— EXERCISE GOAL —
A verbatim copy of the listing is what is needed, minus any pictures.
--- DATA EXCERPTS ---
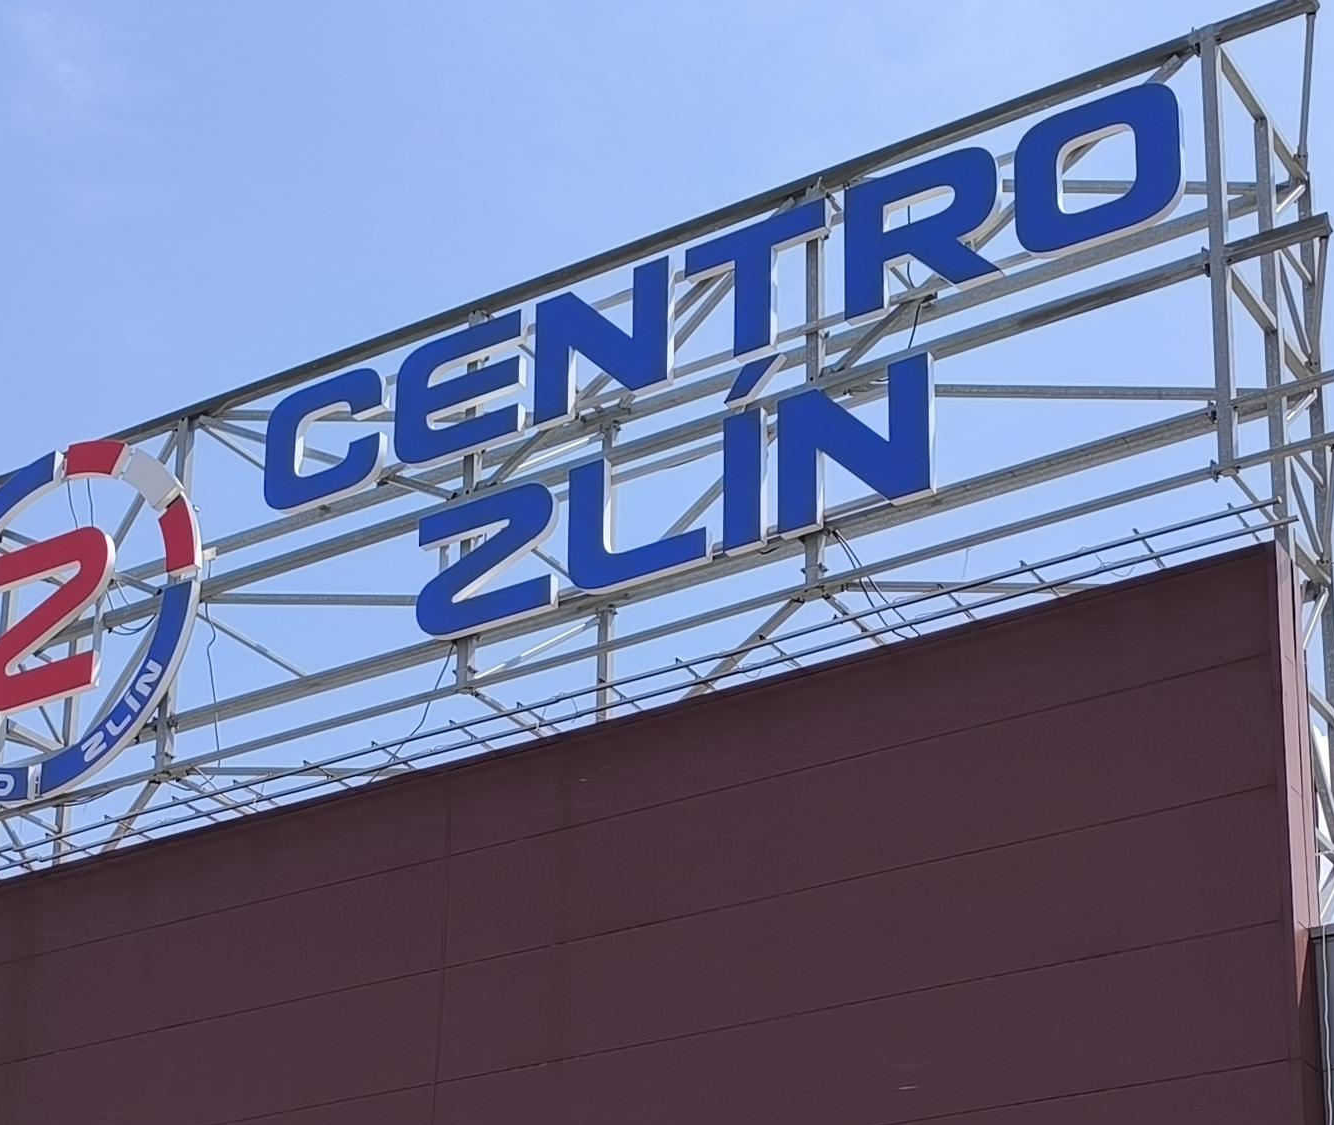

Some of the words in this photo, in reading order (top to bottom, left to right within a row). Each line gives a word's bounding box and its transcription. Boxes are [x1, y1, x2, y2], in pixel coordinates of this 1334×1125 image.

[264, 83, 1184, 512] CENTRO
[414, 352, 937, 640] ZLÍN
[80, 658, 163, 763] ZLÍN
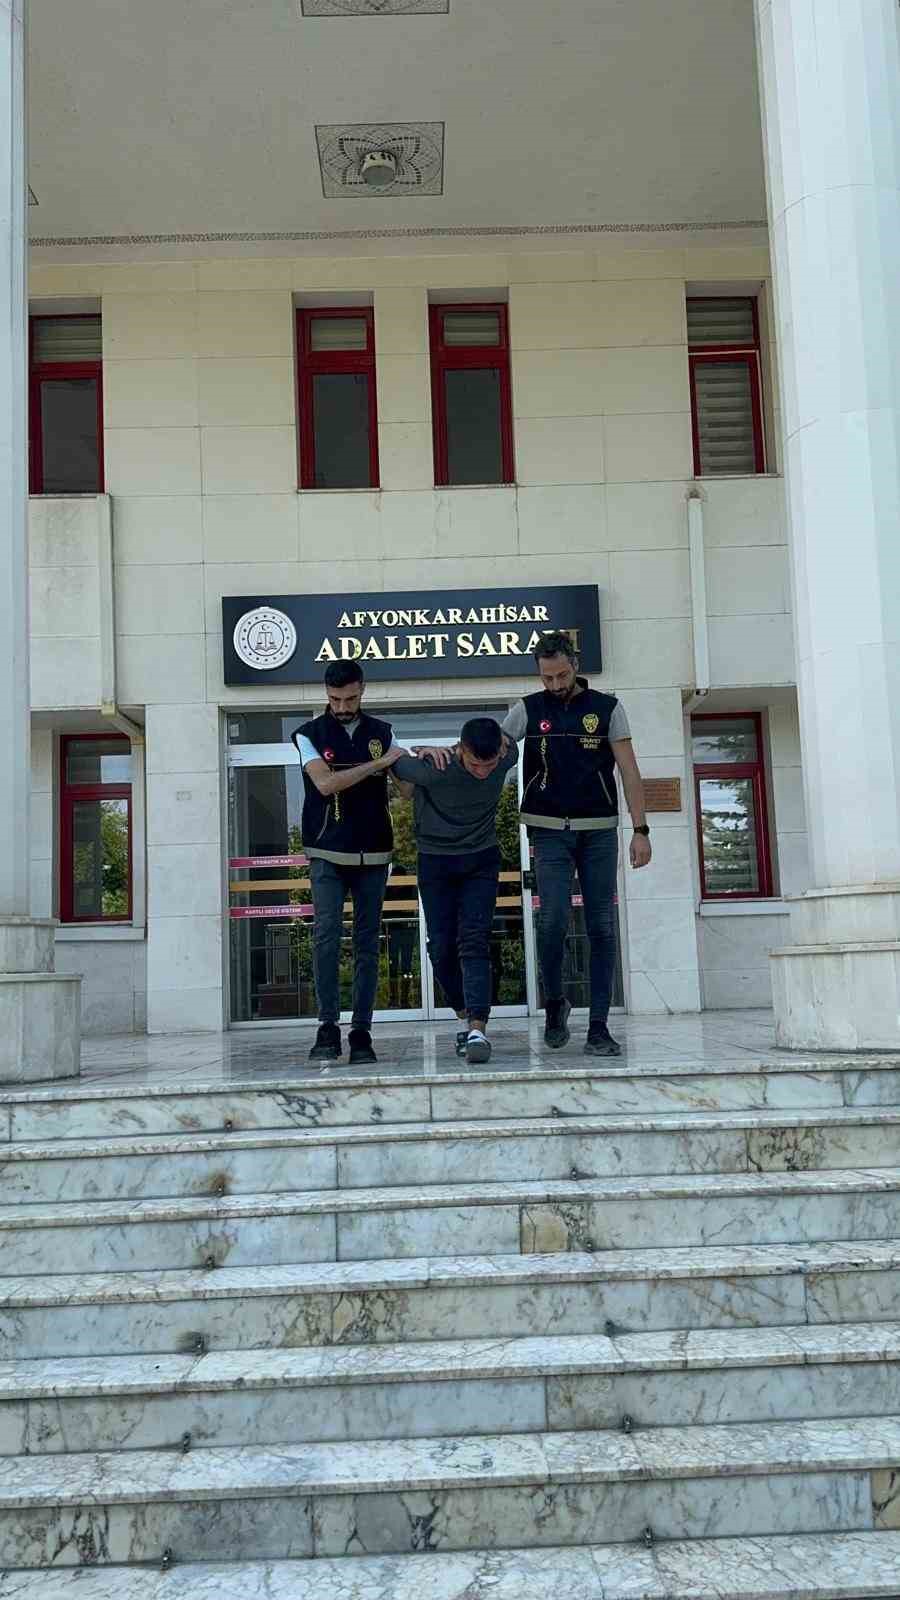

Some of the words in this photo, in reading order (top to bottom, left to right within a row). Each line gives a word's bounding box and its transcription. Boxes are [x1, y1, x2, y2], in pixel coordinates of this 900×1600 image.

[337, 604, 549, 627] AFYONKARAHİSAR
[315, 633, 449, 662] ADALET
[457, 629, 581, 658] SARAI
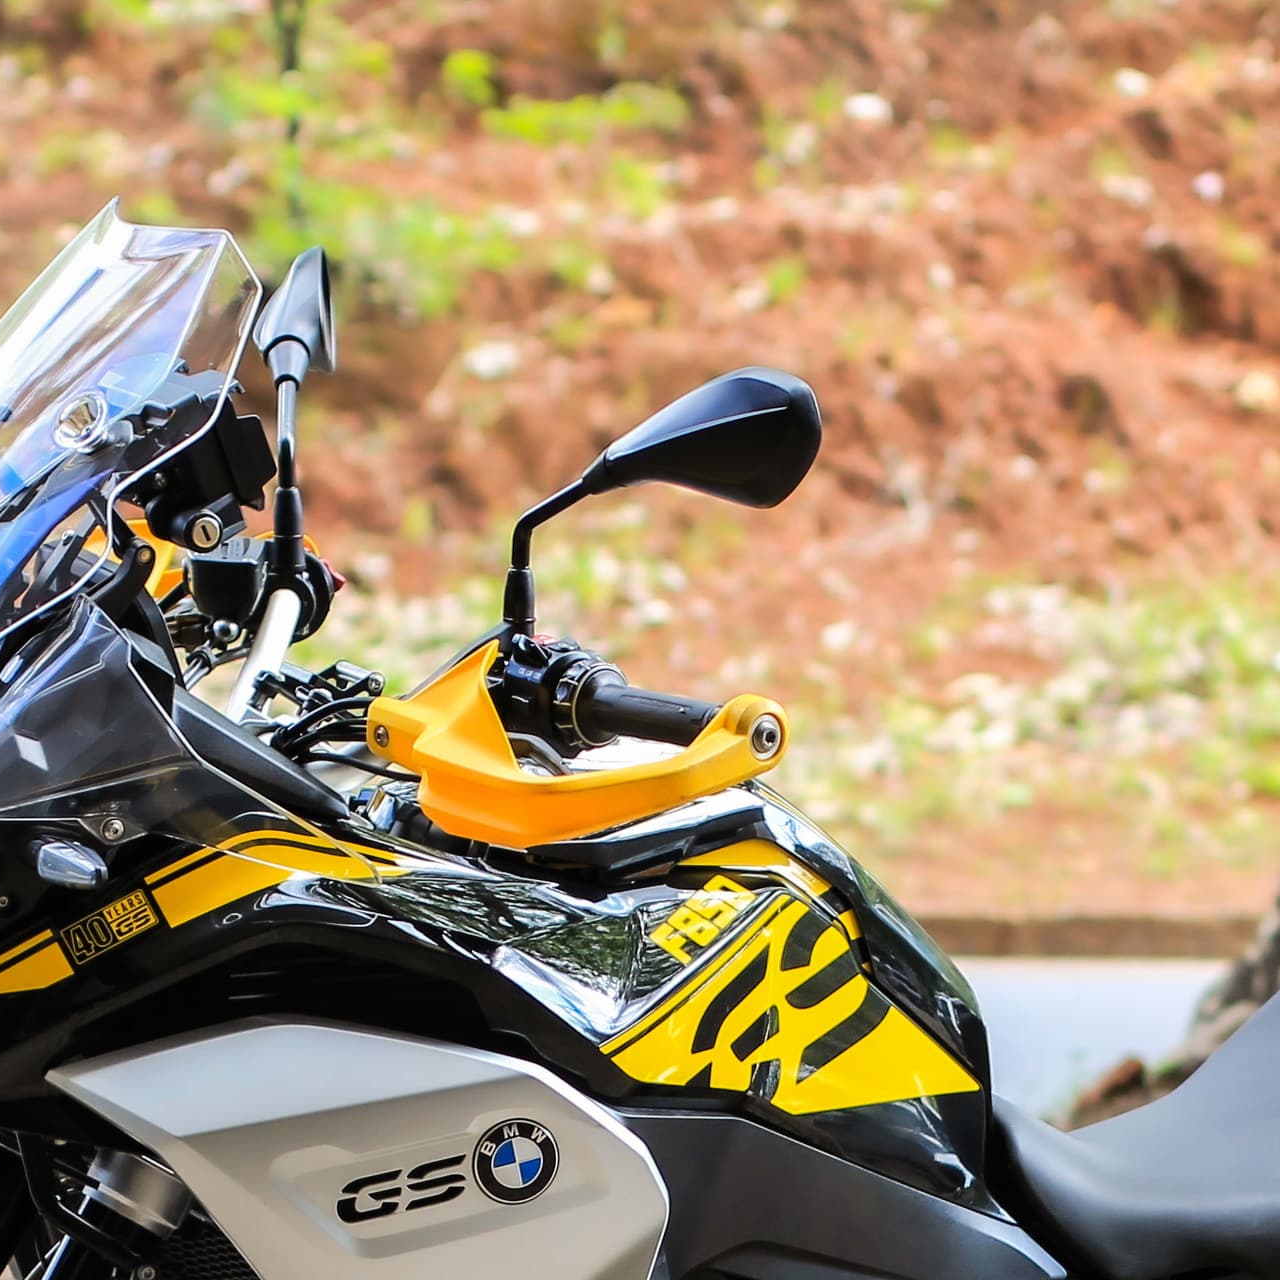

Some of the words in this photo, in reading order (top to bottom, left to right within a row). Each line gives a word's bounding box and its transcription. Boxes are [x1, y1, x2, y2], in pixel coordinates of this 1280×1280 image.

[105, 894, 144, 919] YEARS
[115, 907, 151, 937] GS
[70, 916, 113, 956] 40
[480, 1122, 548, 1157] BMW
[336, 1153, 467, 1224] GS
---
— WRITTEN REPLY —
Some of the words in this photo, in reading order (top to bottom, left to right within a row). Each line gives a word's bounding box and its transcription. Boxes are [x1, y1, x2, y2], in pixel coordinates of this 1334×1125 image.

[264, 83, 1184, 512] CENTRO
[414, 352, 937, 640] ZLÍN
[80, 658, 163, 763] ZLÍN

Some of the words in this photo, in reading order (top to bottom, left to right within a row). Each line gives a word's bounding box and its transcription. Boxes are [x1, y1, x2, y2], in pixel coordinates of this 900×1600 image.

[337, 604, 549, 627] AFYONKARAHİSAR
[315, 633, 449, 662] ADALET
[457, 629, 581, 658] SARAI

Some of the words in this photo, in reading order (top to bottom, left to right within a row). Each line gives a word's bounding box and its transcription. Boxes are [x1, y1, x2, y2], in pixel coordinates of this 1280×1280 image.

[105, 894, 144, 919] YEARS
[115, 907, 151, 937] GS
[70, 916, 113, 956] 40
[480, 1122, 548, 1157] BMW
[336, 1153, 467, 1224] GS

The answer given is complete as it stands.